▶ _What the task requires_: Could you repeat every record below exactly, leaving out the pictures?

Spatial localization data
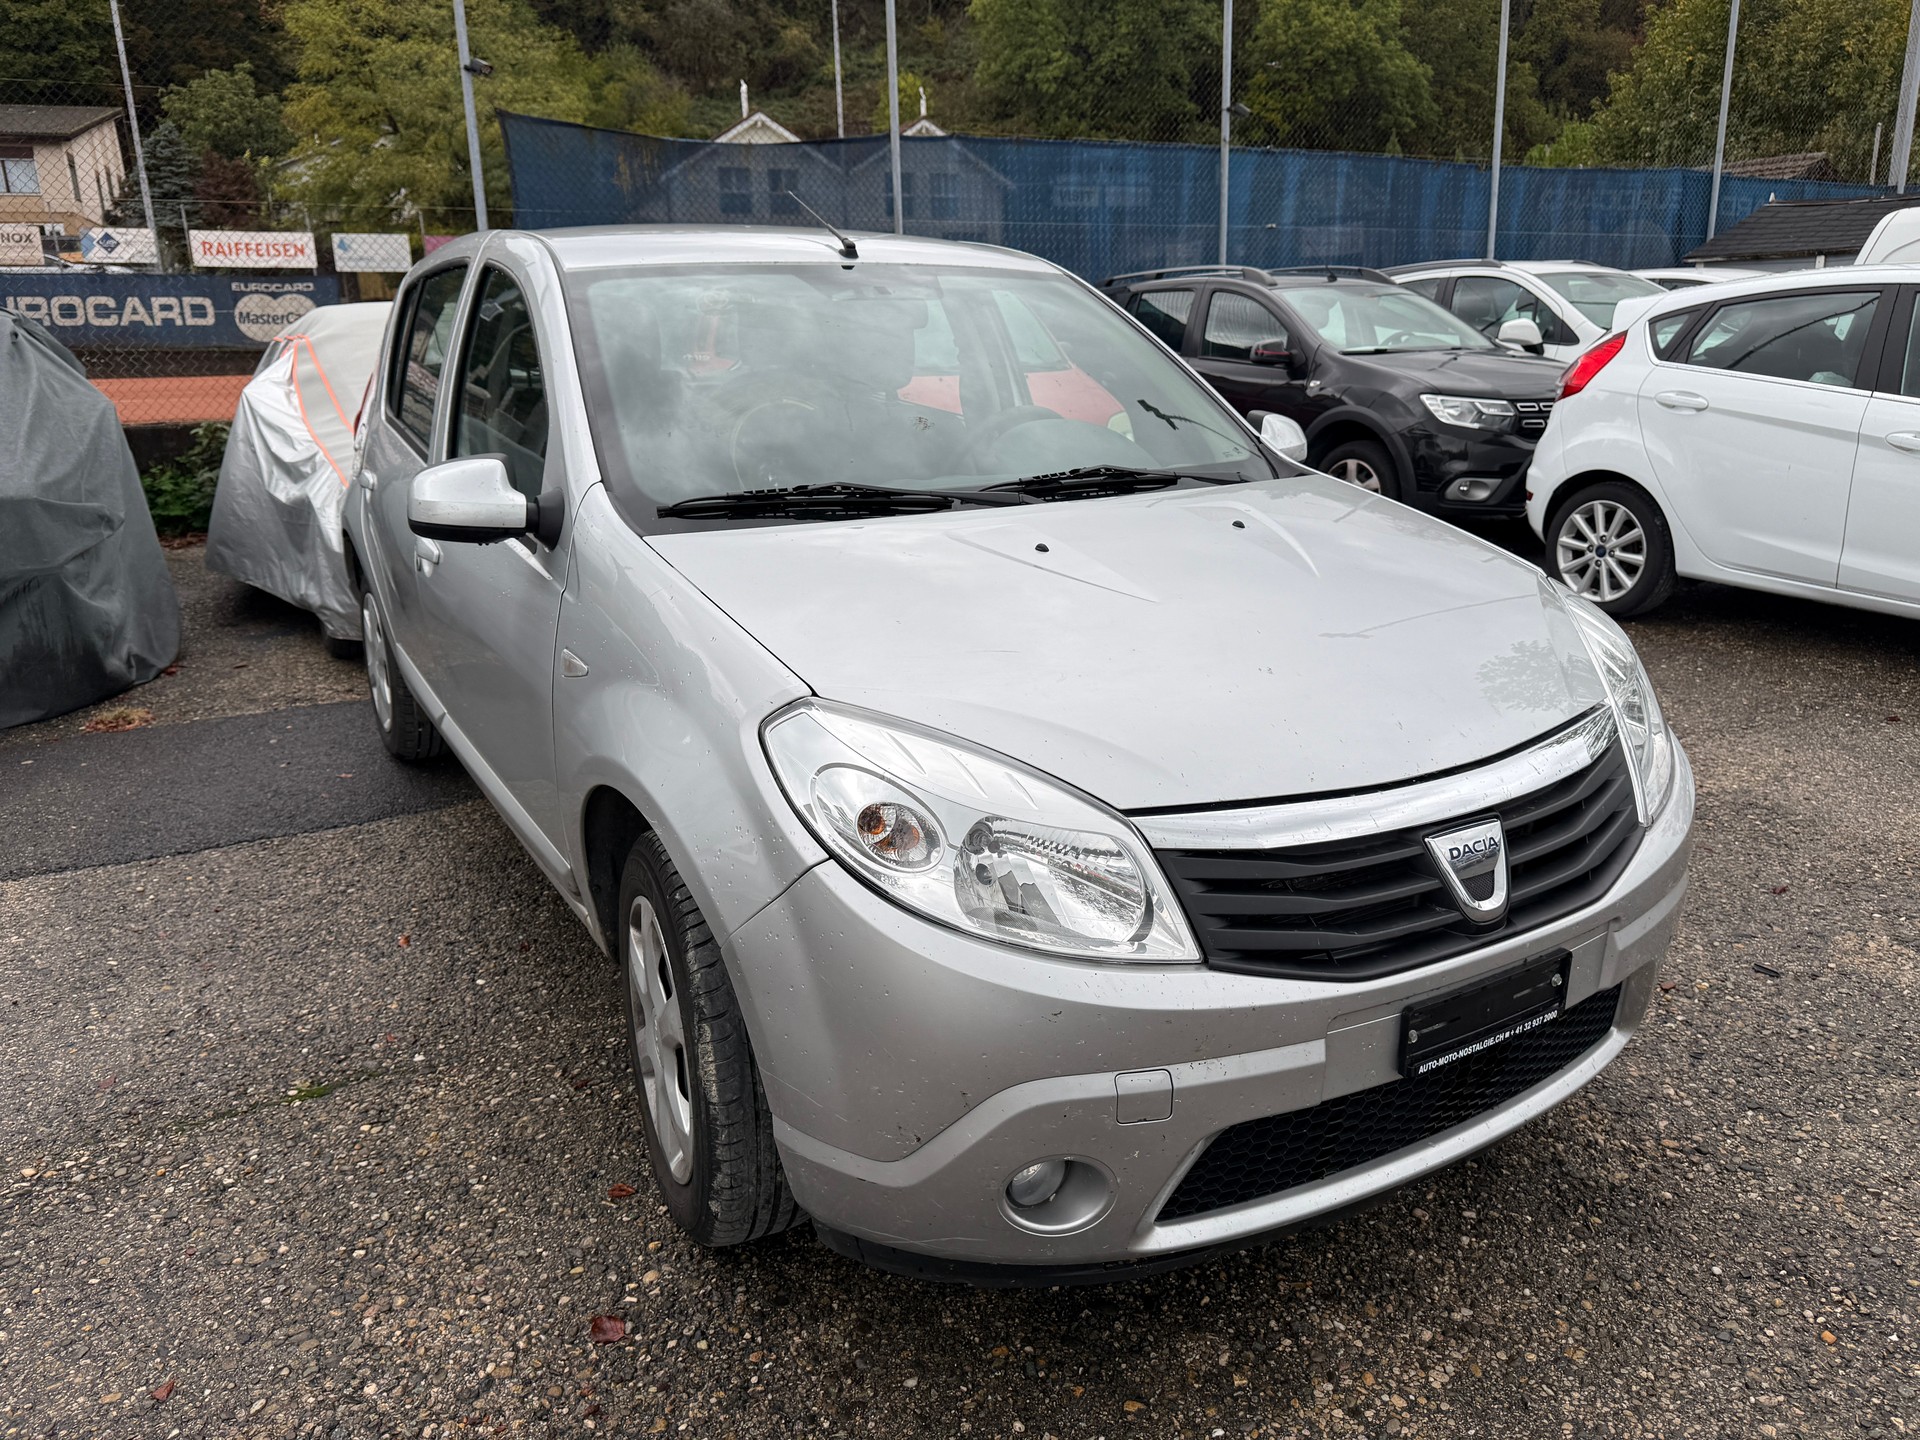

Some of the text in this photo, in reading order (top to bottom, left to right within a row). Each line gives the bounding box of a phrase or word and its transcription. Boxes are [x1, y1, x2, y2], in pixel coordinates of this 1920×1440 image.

[201, 240, 305, 257] RAIFFEISEN
[231, 282, 314, 293] EUROCARD
[5, 296, 216, 327] ROCARD
[1448, 836, 1499, 860] DACIA
[1418, 1032, 1505, 1074] AUTO-MOTO-NOSTALGIE.CH
[1515, 1024, 1523, 1035] 41
[1523, 1020, 1532, 1031] 32
[1532, 1016, 1543, 1028] 937
[1543, 1010, 1558, 1022] 2000
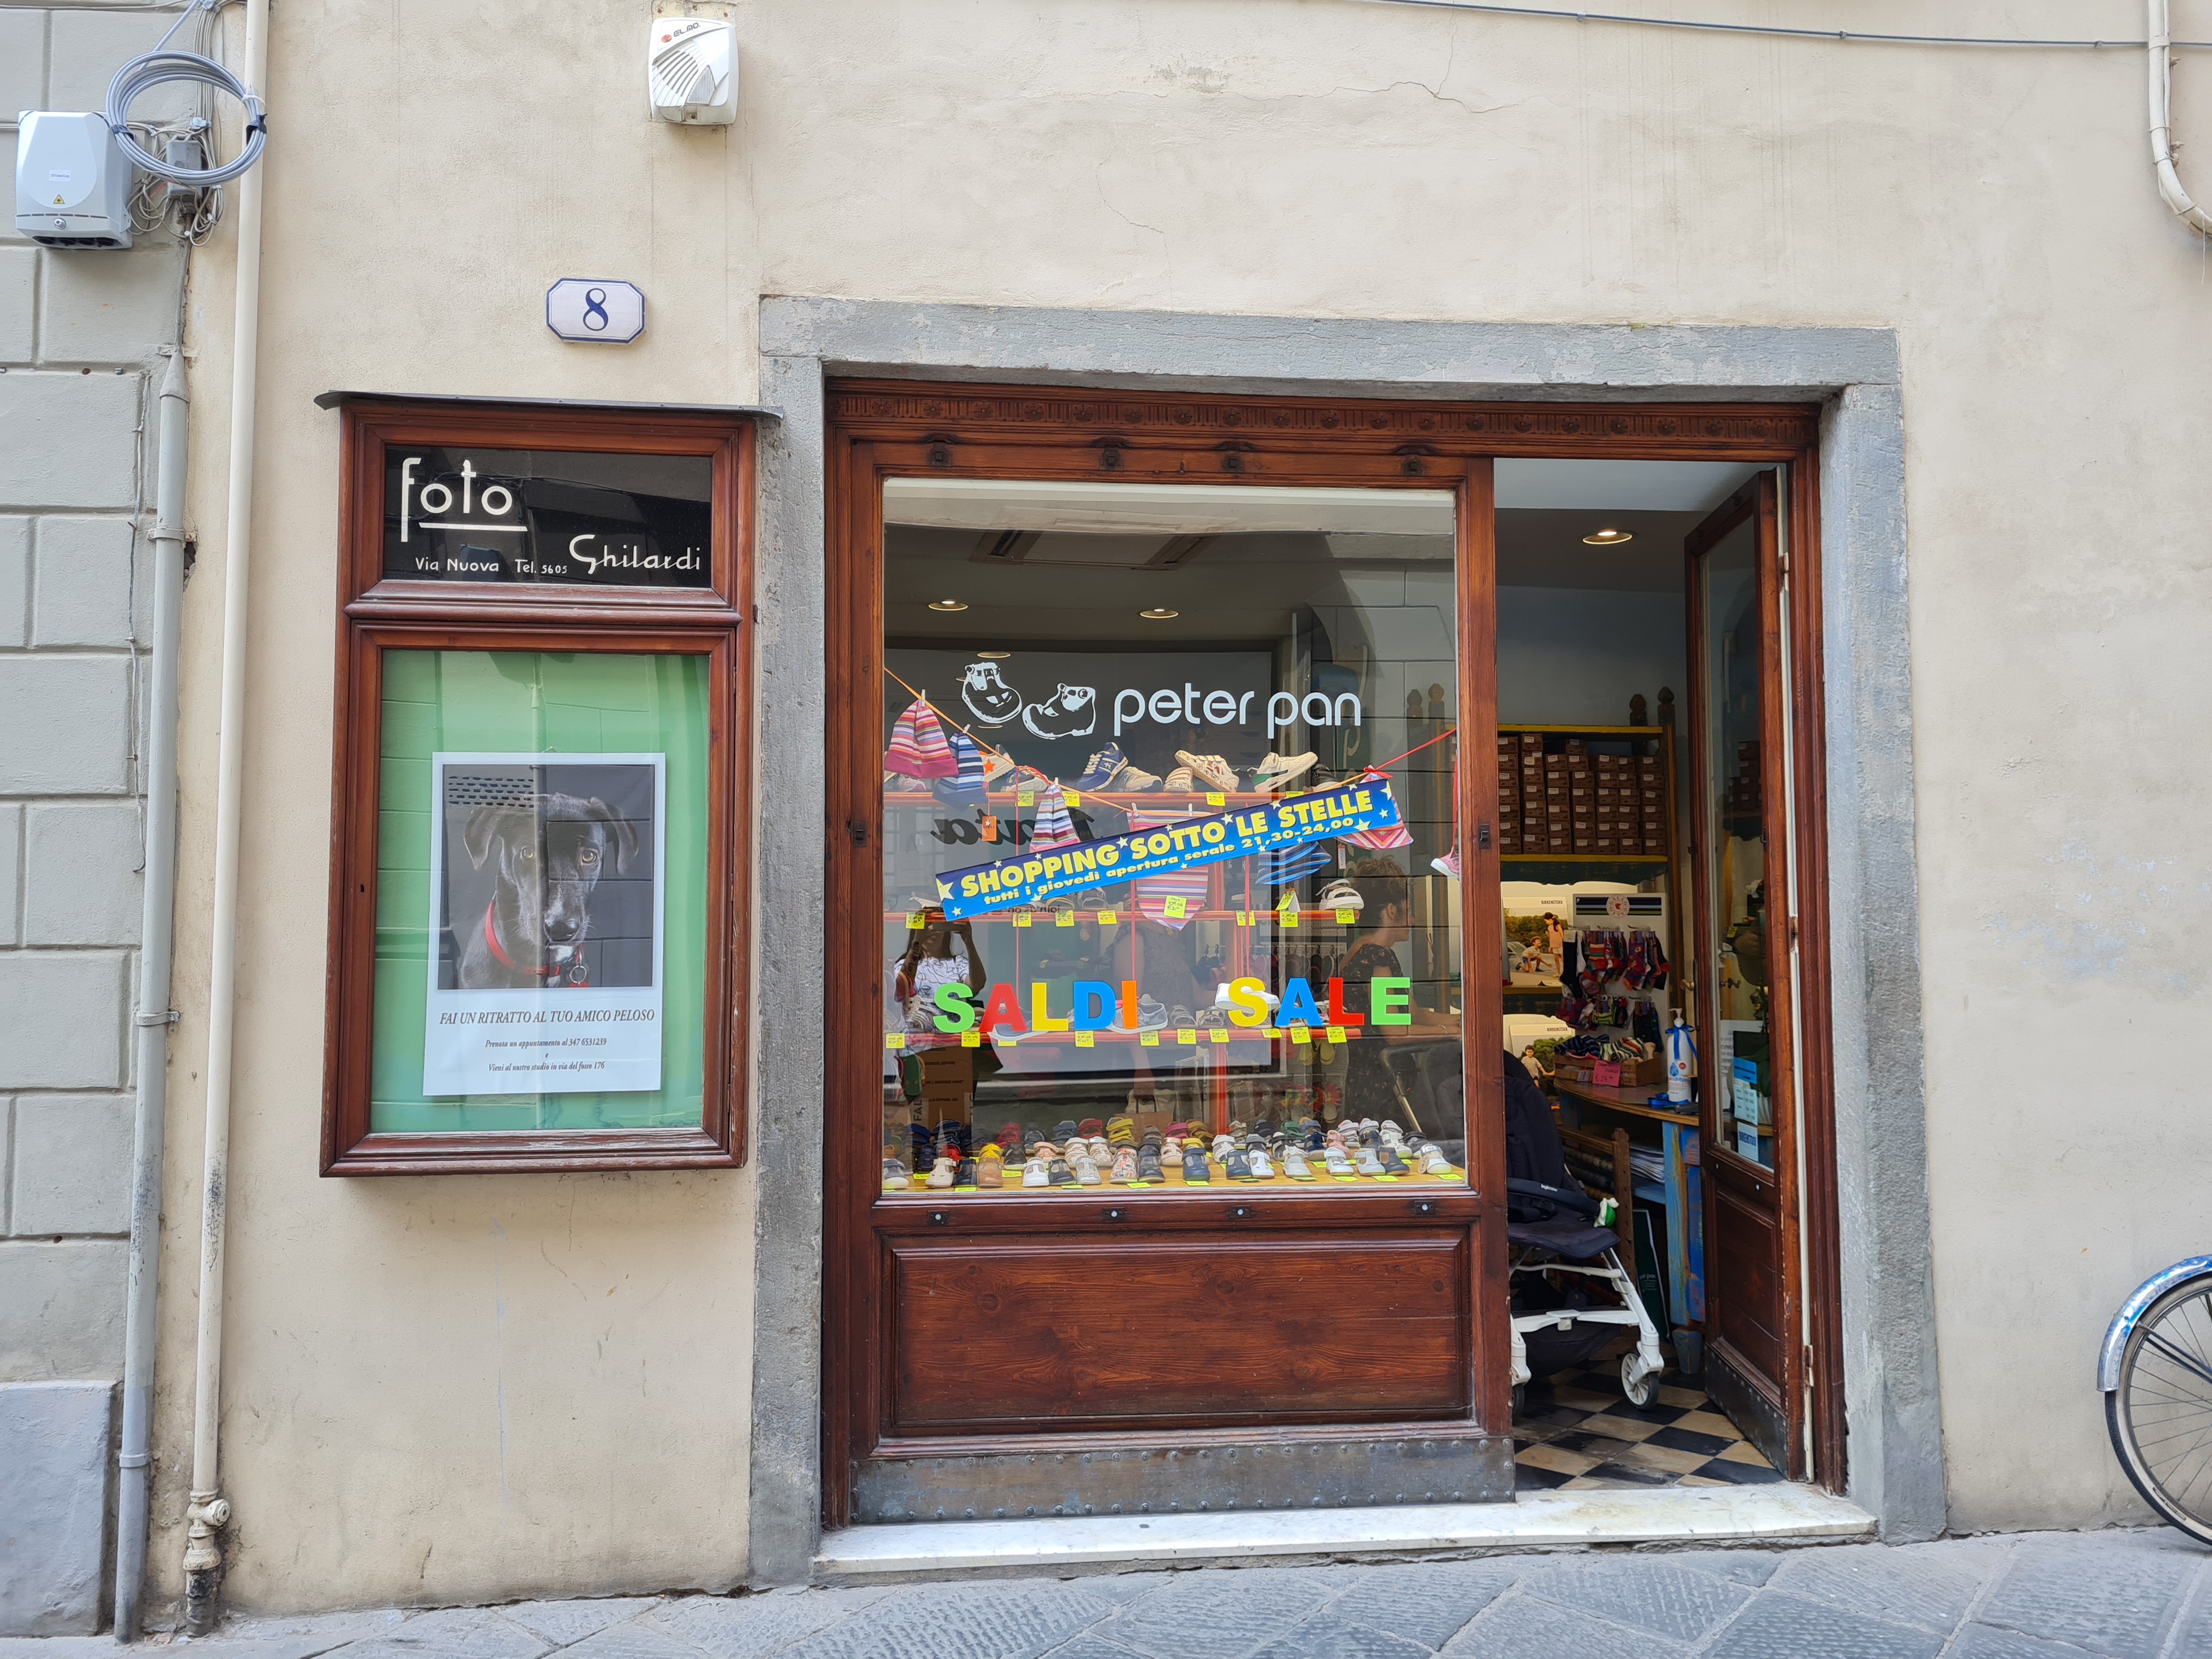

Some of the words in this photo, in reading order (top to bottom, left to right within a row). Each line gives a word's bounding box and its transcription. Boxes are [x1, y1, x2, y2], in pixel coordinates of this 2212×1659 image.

[583, 288, 608, 331] 8
[400, 457, 512, 543] foto
[415, 556, 439, 571] Via
[447, 558, 499, 573] Nuova
[515, 558, 537, 574] Tel.
[541, 564, 567, 574] 5605
[569, 534, 701, 574] Ghilardi
[1114, 682, 1255, 737] peter
[1267, 691, 1361, 739] pan
[961, 844, 1119, 897] SHOPPING
[1130, 821, 1226, 860] SOTTO
[1236, 811, 1268, 837] LE
[1278, 791, 1373, 828] STELLE
[984, 888, 1020, 905] tutti
[1025, 886, 1032, 896] i
[1037, 871, 1101, 895] giovedì
[1105, 857, 1179, 877] apertura
[1184, 843, 1235, 861] serale
[1241, 817, 1355, 849] 21,30-24,00
[439, 1012, 458, 1024] FAI
[460, 1012, 477, 1024] UN
[477, 1011, 531, 1024] RITRATTO
[532, 1011, 547, 1023] AL
[550, 1010, 573, 1023] TUO
[574, 1009, 611, 1022] AMICO
[613, 1009, 655, 1022] PELOSO
[932, 980, 1138, 1034] SALDI
[1227, 976, 1412, 1027] SALE
[518, 1040, 560, 1049] appuntamento
[561, 1037, 568, 1046] al
[568, 1038, 580, 1046] 347
[581, 1037, 607, 1046] 6531239
[505, 1063, 512, 1071] al
[531, 1062, 549, 1070] studio
[568, 1061, 577, 1069] del
[577, 1061, 592, 1072] fosso
[594, 1061, 605, 1069] 176

▶ _Output below_:
Some of the text in this photo, in reading order (top to bottom, left to right within a row). Each line gives the bounding box of a phrase or word and its transcription. Boxes are [x1, y1, x2, y2], in pixel coordinates of this 1920×1440 image.

[201, 240, 305, 257] RAIFFEISEN
[231, 282, 314, 293] EUROCARD
[5, 296, 216, 327] ROCARD
[1448, 836, 1499, 860] DACIA
[1418, 1032, 1505, 1074] AUTO-MOTO-NOSTALGIE.CH
[1515, 1024, 1523, 1035] 41
[1523, 1020, 1532, 1031] 32
[1532, 1016, 1543, 1028] 937
[1543, 1010, 1558, 1022] 2000

Some of the words in this photo, in reading order (top to bottom, left to right within a row). Each line gives a word's bounding box and its transcription. Boxes are [x1, y1, x2, y2], in pixel coordinates of this 2212×1659 image.

[583, 288, 608, 331] 8
[400, 457, 512, 543] foto
[415, 556, 439, 571] Via
[447, 558, 499, 573] Nuova
[515, 558, 537, 574] Tel.
[541, 564, 567, 574] 5605
[569, 534, 701, 574] Ghilardi
[1114, 682, 1255, 737] peter
[1267, 691, 1361, 739] pan
[961, 844, 1119, 897] SHOPPING
[1130, 821, 1226, 860] SOTTO
[1236, 811, 1268, 837] LE
[1278, 791, 1373, 828] STELLE
[984, 888, 1020, 905] tutti
[1025, 886, 1032, 896] i
[1037, 871, 1101, 895] giovedì
[1105, 857, 1179, 877] apertura
[1184, 843, 1235, 861] serale
[1241, 817, 1355, 849] 21,30-24,00
[439, 1012, 458, 1024] FAI
[460, 1012, 477, 1024] UN
[477, 1011, 531, 1024] RITRATTO
[532, 1011, 547, 1023] AL
[550, 1010, 573, 1023] TUO
[574, 1009, 611, 1022] AMICO
[613, 1009, 655, 1022] PELOSO
[932, 980, 1138, 1034] SALDI
[1227, 976, 1412, 1027] SALE
[518, 1040, 560, 1049] appuntamento
[561, 1037, 568, 1046] al
[568, 1038, 580, 1046] 347
[581, 1037, 607, 1046] 6531239
[505, 1063, 512, 1071] al
[531, 1062, 549, 1070] studio
[568, 1061, 577, 1069] del
[577, 1061, 592, 1072] fosso
[594, 1061, 605, 1069] 176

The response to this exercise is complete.